なんかBlueMix内のデモがうまく動いてくれない。
なので使い方がいまいちつかめなかったよ、watsonくん。
また、そのうちトライしてみる。

■ざっくり価格 ※2017/2月時点
1リクエストあたり$0.03。毎月最初の1000回までは無料です。
 

Visual Recognition


画像認識。投入した画像について様々な分析結果を出力してくれる。
日本語対応: -
Alchemyという企業が持っていた技術を吸収しサービス内容を強化した。

<一般種別>
画像に含まれた要素を解析し、出力する。

<顔検出>
顔部分を検出し、男性・女性や年齢を検出。帽子とか顔周りの装備があるとうまく判別できなかったなぁ。

<画像トレーニング、類似イメージ検索>
試しに、iPhoneの画像を正しい画像(ポジティブ画像)、Androidの画面を間違った画像(ネガティブ画像)としてサンプル与えてみた。
でも、結果はイマイチだったなぁ・・・(遠い目)
↑サンプルの数が少なかったかもしれません。50個ずつでしたし。

■ざっくり価格 ※2017/2月時点
1日あたり250画像ファイルの投入が無料の無料プランと、投入ファイルごとに$0.002~$0.10の課金。
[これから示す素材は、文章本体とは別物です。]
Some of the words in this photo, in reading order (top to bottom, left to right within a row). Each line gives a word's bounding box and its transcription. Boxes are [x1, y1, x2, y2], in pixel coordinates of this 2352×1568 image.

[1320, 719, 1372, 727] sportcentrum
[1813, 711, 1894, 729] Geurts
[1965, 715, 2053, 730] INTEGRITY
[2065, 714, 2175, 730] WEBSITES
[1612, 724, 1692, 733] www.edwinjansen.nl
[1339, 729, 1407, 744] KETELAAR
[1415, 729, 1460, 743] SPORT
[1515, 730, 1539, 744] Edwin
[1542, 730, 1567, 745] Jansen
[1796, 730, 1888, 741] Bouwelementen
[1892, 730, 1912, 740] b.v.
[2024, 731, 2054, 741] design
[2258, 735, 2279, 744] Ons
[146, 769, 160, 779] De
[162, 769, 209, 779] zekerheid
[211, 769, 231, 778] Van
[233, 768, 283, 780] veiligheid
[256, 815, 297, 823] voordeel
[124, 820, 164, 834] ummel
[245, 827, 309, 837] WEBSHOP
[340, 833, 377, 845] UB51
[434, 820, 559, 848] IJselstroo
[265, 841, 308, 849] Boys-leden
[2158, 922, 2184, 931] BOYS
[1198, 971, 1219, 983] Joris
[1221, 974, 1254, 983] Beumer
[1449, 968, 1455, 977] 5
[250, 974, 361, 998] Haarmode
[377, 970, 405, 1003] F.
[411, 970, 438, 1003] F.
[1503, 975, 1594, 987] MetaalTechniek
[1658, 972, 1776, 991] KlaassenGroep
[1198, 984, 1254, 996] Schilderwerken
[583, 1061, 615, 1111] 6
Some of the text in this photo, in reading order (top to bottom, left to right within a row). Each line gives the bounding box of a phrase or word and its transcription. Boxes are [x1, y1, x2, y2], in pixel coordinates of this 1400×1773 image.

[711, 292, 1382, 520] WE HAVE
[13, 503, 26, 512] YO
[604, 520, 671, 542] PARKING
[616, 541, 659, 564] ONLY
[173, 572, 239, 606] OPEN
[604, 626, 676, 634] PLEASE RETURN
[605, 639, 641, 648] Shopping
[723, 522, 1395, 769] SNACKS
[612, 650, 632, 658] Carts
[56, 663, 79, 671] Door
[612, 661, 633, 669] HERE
利用している地域で利用料が異なるって事かな?よくわかんないです。
 

ざっと見てもらっただけでこれだけあります。

ペッパー君ってどれだけたくさんのサービスを組み合わせてるんでしょうね。

  • 人の音声を認識して(Speech To Text)
  • 話題を判断して(Natural Language Classifier)
  • さわりのお返しから受け答えを繰り返して(Conversation)
  • 有用な答えを探しだして(Retrieve and Rank)
  • それらの返答は音声で返す(Text To Speech)

軽く見積もってこんな感じでしょうか。

実際に利用する時も、Document ConversionやLanguage Translator、Speech To Text等の前段処理を利用してデータを溜めてRetrieve and Rank等でWatsonに取り込んで(このあたりはWatsonがうまく連携)答を溜めこみ、必要な時に取り出し出力する(ConversationやText To Speech)といった感じですね。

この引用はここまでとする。